### Directions
Repeat all the records exactly, omitting pictures.

::: The input

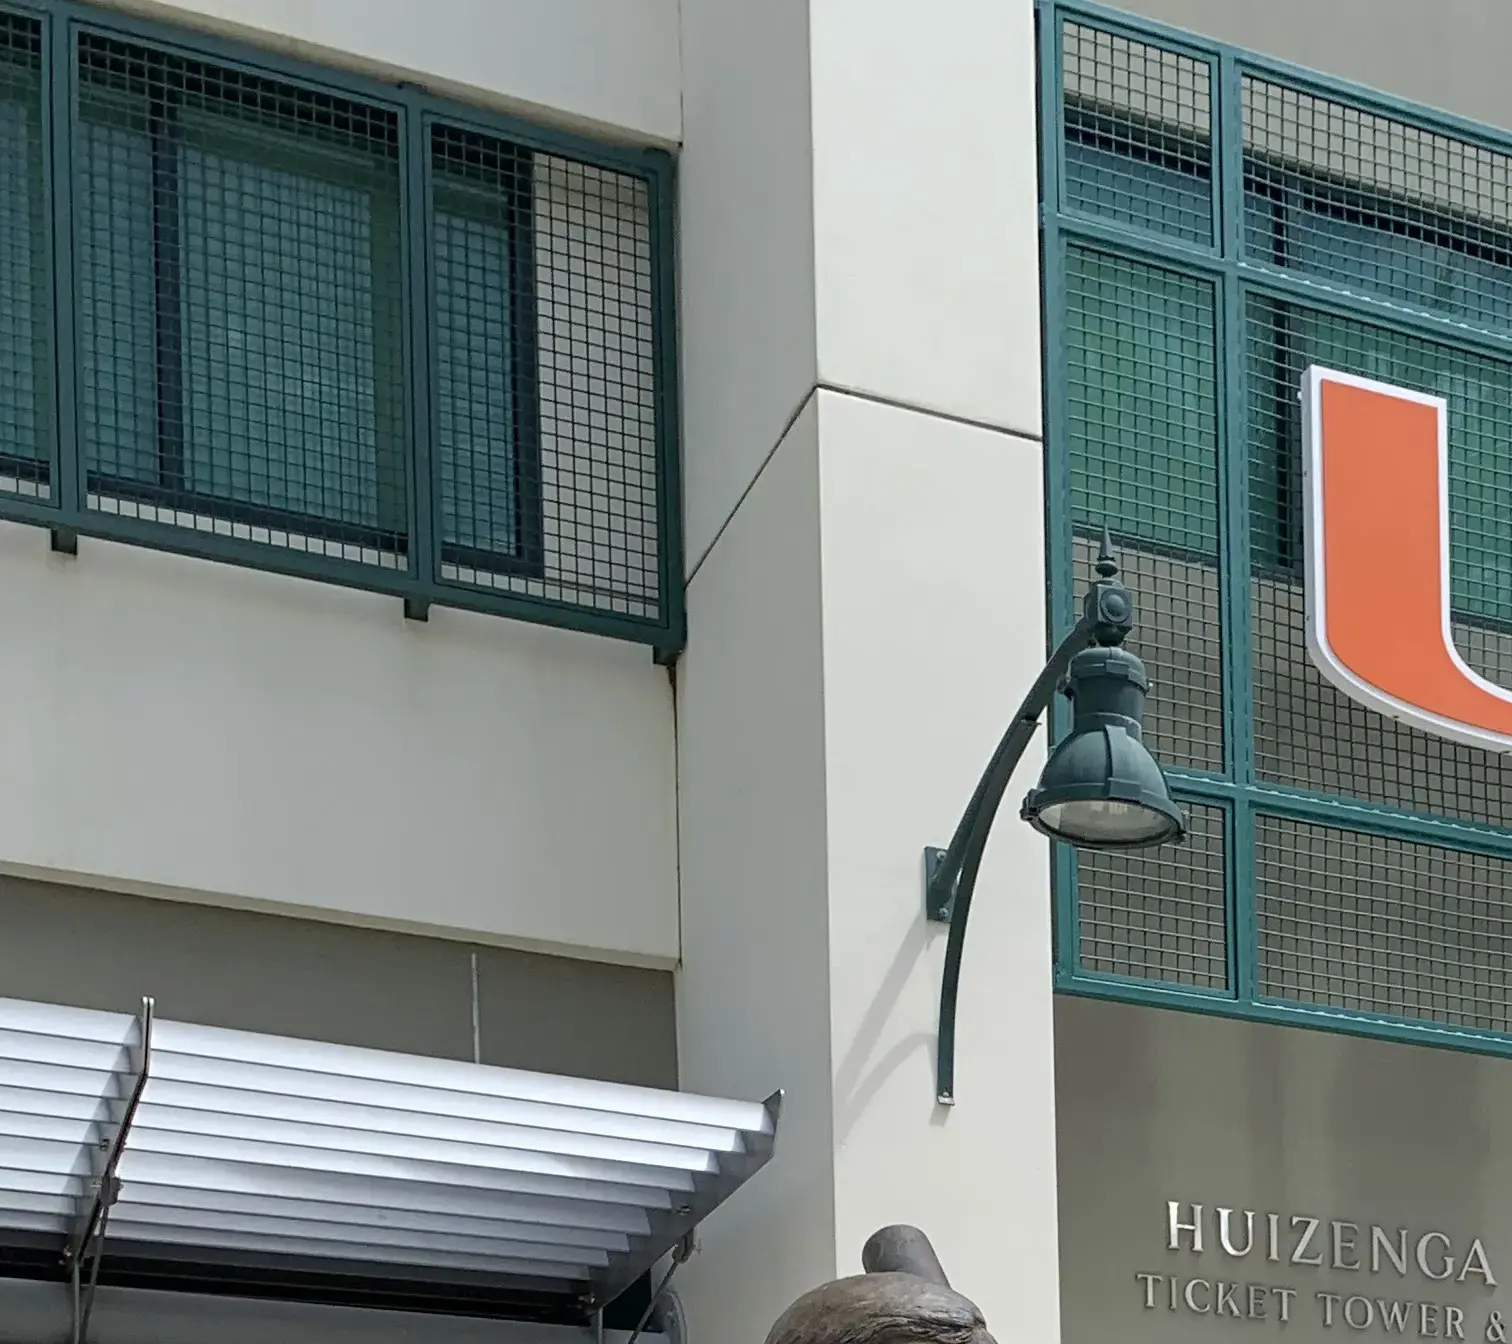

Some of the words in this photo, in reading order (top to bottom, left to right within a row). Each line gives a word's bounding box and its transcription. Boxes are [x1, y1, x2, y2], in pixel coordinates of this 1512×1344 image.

[1166, 1199, 1498, 1287] HUIZENGA
[1135, 1272, 1297, 1322] TICKET
[1315, 1292, 1467, 1340] TOWER
[1486, 1310, 1508, 1344] &

::::::

### Solution below
Some of the words in this photo, in reading order (top to bottom, left to right within a row). Each line gives a word's bounding box and its transcription. Boxes are [x1, y1, x2, y2], in pixel coordinates of this 1512×1344 image.

[1166, 1199, 1498, 1287] HUIZENGA
[1135, 1272, 1297, 1322] TICKET
[1315, 1292, 1467, 1340] TOWER
[1486, 1310, 1508, 1344] &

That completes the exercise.